To avoid human exposure not anticipated under the risk assessment completed for a first use cycle, multiple use cycles should be considered under chemical risk assessments (Wang and Hellweg, 2021). Making chemicals safe and sustainable by design and eliminating non-essential uses of hazardous chemicals could clean up material flows as Europe moves further towards circularity.

 

How the chemical system impacts ecosystems and human health

Chemical pollution degrades ecosystems, reduces biodiversity and affects the ecosystem services that provide clean drinking water and enable food production. Pollution is of particular concern when hazardous substances are persistent, bioaccumulative and mobile — leading to their widespread distribution in environmental media and their bioaccumulation in living organisms.

The recently published EEA zero pollution monitoring assessment (EEA, 2022a) highlights the key ways in which chemicals impact ecosystems and human health. For instance, the assessment shows that people’s health is being adversely affected by hazardous chemicals that pollute our bodies. Children are particularly vulnerable to the effects of chemicals. There are also positive developments; Europe has been maintaining and improving its bathing and drinking water quality and reducing the risk of antimicrobial resistance. Encouraging trends are taking place in reducing pesticide use, although any resulting positive impact on the environment is yet to be seen.

Exceeding planetary boundaries for chemical pollution

Chemical pollution can exert long-term adverse effects on ecosystem functions and biodiversity at the global scale, and alter the vital Earth systems on which human life depends (Persson et al., 2022; Diamond et al., 2015Kosnik et al., 2022; Brack et al., 2022). Several examples of chemical impacts at a global scale are presented below.

  • Persistent organic pollutants disperse globally, bioaccumulate in ecosystem food chains and have been detected in people across the world. For example, per and polyfluorinated alkyl substances (PFAS) are transported over large distances via atmospheric and hydrological cycles, affect regions far from where they were produced or used, and have been detected in human bodies on all continents of the world (Fiedler et al., 2021). 
  • Plastic pollution of marine and terrestrial environments is ubiquitous and effectively irreversible, given that plastic does not chemically degrade in the environment but rather fragments.
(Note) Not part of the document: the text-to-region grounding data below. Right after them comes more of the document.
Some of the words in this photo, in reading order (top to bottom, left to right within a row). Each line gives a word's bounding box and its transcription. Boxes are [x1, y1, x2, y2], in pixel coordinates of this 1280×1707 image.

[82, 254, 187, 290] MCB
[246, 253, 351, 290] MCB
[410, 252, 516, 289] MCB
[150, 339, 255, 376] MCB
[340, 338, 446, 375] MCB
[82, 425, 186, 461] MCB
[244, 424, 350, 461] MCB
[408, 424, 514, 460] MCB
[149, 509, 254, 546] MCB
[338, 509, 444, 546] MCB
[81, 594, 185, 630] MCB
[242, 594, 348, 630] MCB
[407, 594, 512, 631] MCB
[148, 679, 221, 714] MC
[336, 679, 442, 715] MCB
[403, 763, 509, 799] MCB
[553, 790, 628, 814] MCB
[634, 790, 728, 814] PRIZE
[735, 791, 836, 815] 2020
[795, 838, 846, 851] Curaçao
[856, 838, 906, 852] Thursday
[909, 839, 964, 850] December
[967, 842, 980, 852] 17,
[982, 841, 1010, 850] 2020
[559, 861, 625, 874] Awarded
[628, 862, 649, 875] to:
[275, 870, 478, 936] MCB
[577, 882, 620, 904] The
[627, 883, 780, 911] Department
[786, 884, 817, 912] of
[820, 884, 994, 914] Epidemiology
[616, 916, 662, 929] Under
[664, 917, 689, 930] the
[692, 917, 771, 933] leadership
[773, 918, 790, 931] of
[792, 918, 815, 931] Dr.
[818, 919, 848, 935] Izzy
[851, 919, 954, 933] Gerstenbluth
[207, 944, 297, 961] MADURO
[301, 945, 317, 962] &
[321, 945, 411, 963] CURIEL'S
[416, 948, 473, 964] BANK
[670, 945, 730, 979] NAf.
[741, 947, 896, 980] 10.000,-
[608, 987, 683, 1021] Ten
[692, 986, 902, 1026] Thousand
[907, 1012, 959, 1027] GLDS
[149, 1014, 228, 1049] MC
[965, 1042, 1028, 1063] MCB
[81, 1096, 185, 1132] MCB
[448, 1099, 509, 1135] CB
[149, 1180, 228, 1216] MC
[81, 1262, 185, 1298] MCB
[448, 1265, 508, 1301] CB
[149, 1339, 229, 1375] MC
Once ecosystems are polluted with microplastics, it is virtually impossible to remove them (Villarrubia-Gómez et al., 2018).
  • While antimicrobial resistance emerges locally, the rapid spread of resistant bacteria, viruses, fungi and parasites through international travel and trade presents a serious health concern at the global level (MacLeod et al., 2014).
  • The depletion of stratospheric ozone caused by emissions of ozone-depleting substances (ODS) created holes in the ozone layer over the Arctic and Antarctic and caused global concern in the late 1970s and early 1980s. The subsequent ban on ODS under the Montreal Protocol led to a fall in the consumption of ODS at global level of 99% over the period 1986-2020 (EEA, 2022e). The ozone layer is expected to recover by around 2066 in the Antarctic and around 2045 in the Arctic (World Meteorological Organization, 2022). However, the substitution of ozone-depleting hydrochlorofluorocarbons (HCFCs) with hydrofluorocarbons (HFCs) is an example of regrettable substitution: HFCs subsequently proved to be very potent greenhouse gases, as well as being extremely long-lived in the atmosphere. HFC consumption is now also regulated under the Kigali Amendment to the Montreal Protocol, whereby countries have committed to an HFC phase-down (EEA, 2022f).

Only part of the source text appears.